According to Fitch, the demand for reinsurance is likely to increase due to heightened uncertainty linked to the pandemic and primary insurers' stronger ability to purchase reinsurance given increases in their own pricing.

"The sector's capital strength has remained largely unscathed despite substantial pandemic-related underwriting losses in several segments, including contingency/event cancellation, travel, trade credit and surety, business interruption and mortality," it said. "This was achieved thanks to a series of capital increases and the recovery of financial markets from the lows recorded in spring this year."

Fitch also highlighted that changes in reinsurance terms and conditions, notably the exclusion of pandemic cover in new and renewed contracts, should progressively reduce the potential for future property and casualty reinsurance claims stemming from the pandemic.

But, the uncertainty around ultimate losses from the pandemic continues to remain high, it noted.

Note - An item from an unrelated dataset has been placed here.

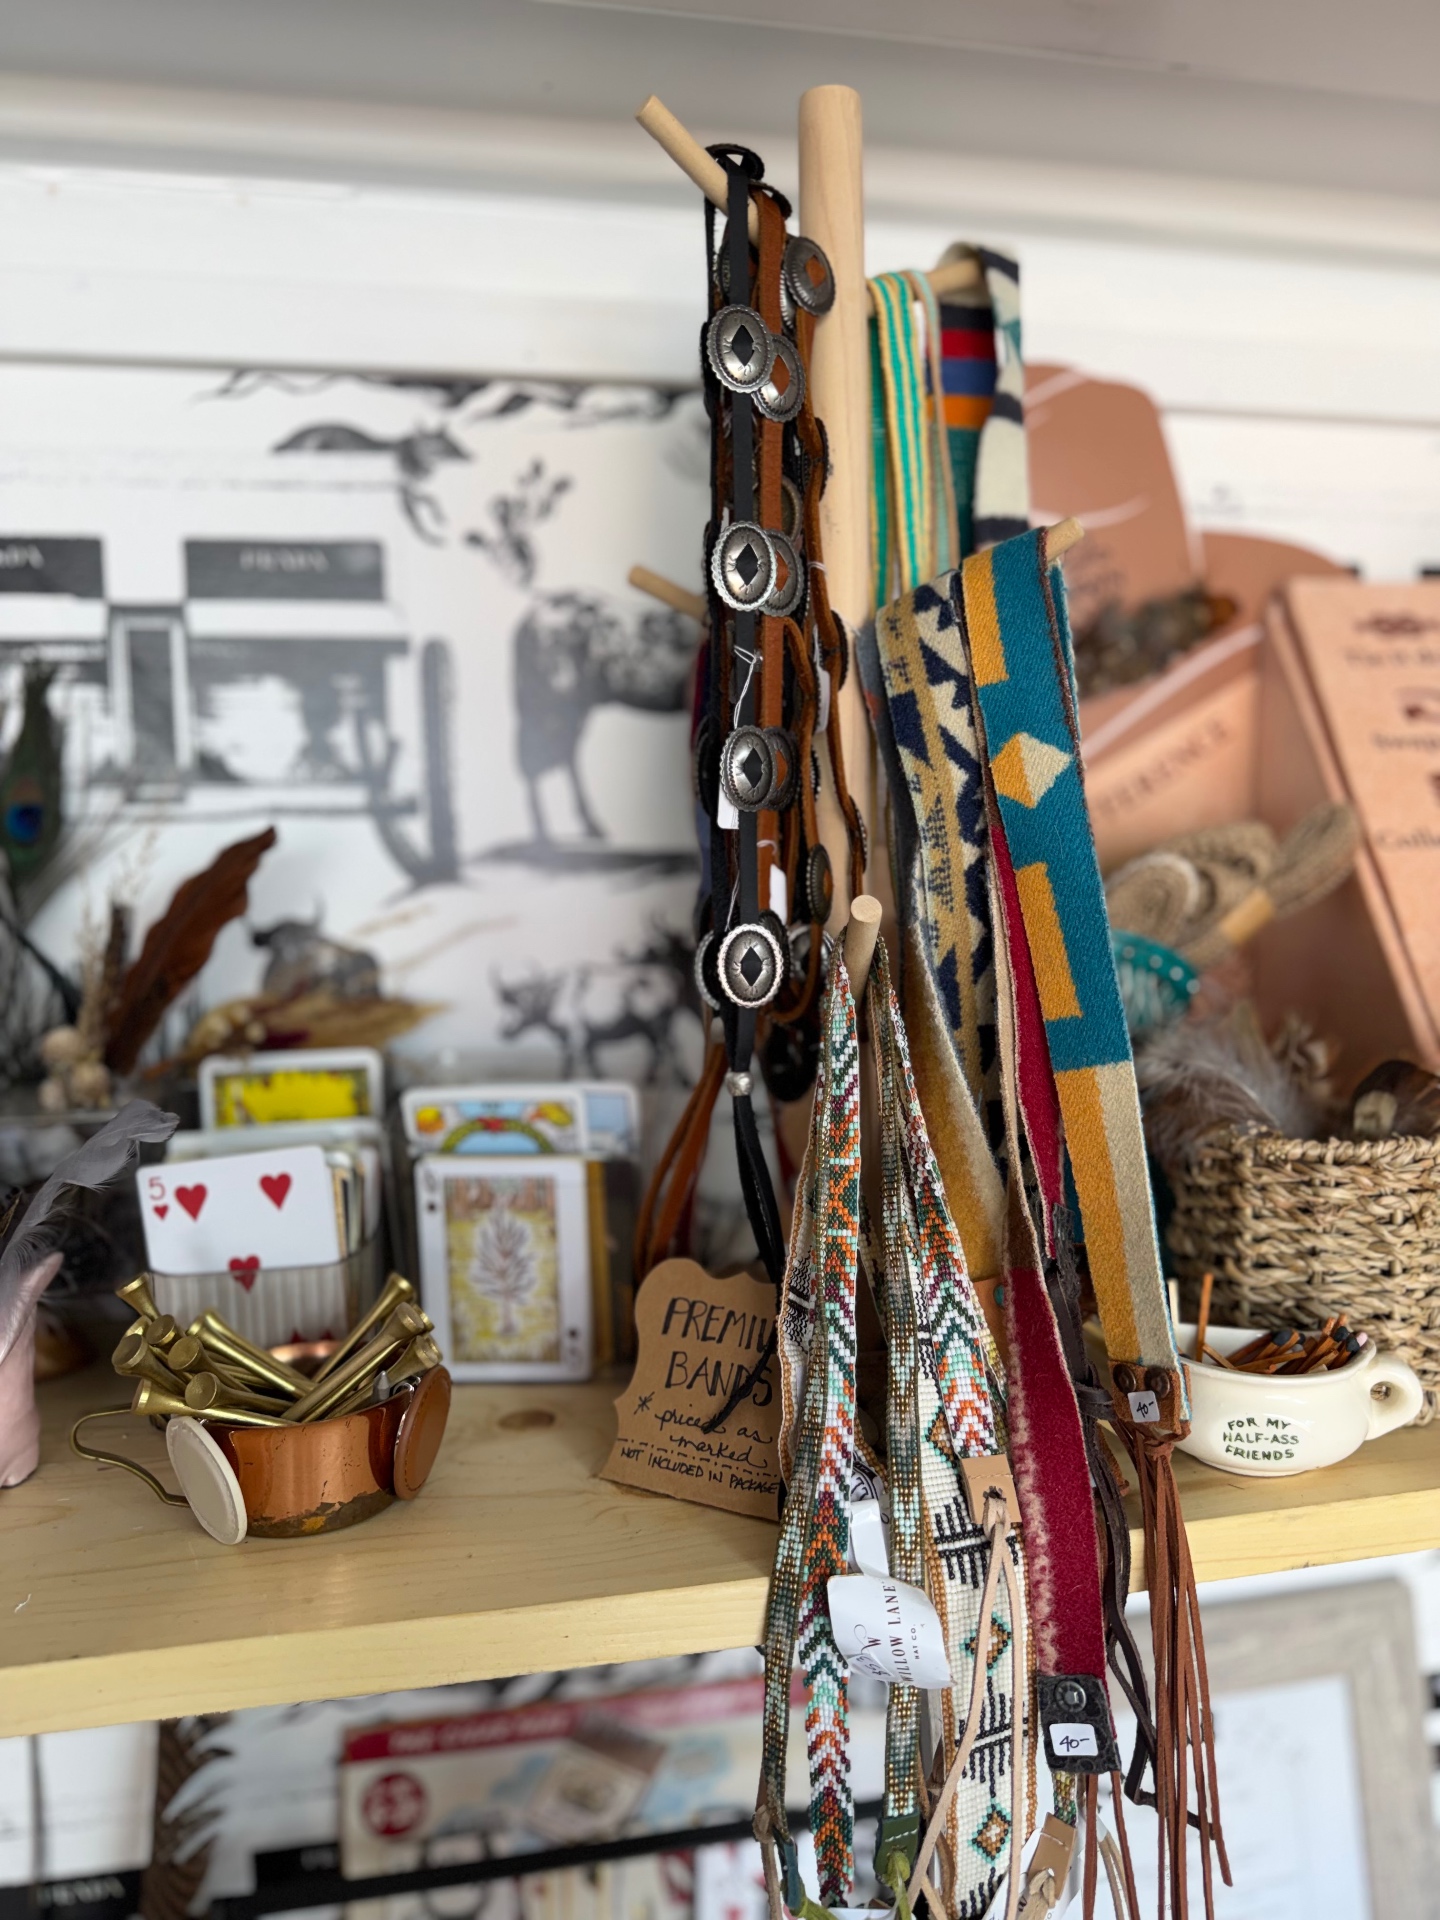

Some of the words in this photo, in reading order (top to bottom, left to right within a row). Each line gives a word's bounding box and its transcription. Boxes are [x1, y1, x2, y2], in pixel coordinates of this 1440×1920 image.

The agency also warned that reinvestment rates are well below the running yields on reinsurers' investment portfolios, and are continuing to fall. The resulting pressure on reinsurers' investment income will erode some of the likely increase in underwriting income in 2021.

"Moreover, a weak economic recovery could foster a deterioration in asset quality, to the detriment of the sector's profitability," said Fitch. "Lower investment income may motivate reinsurers to maintain underwriting discipline and push up prices, but competitive forces could ultimately thwart these aims."

Fitch's sector outlooks for major developed non-life primary insurance markets in 2021 are stable or improving, reflecting its view that most pandemic-related claims will be reserved for in 2020, and the claim levels should normalise in 2021.

The agency expects rate increases in several key lines to take firmer hold in 2021, but economic pressures will likely dampen primary insurers' premium revenue and could weaken their asset quality.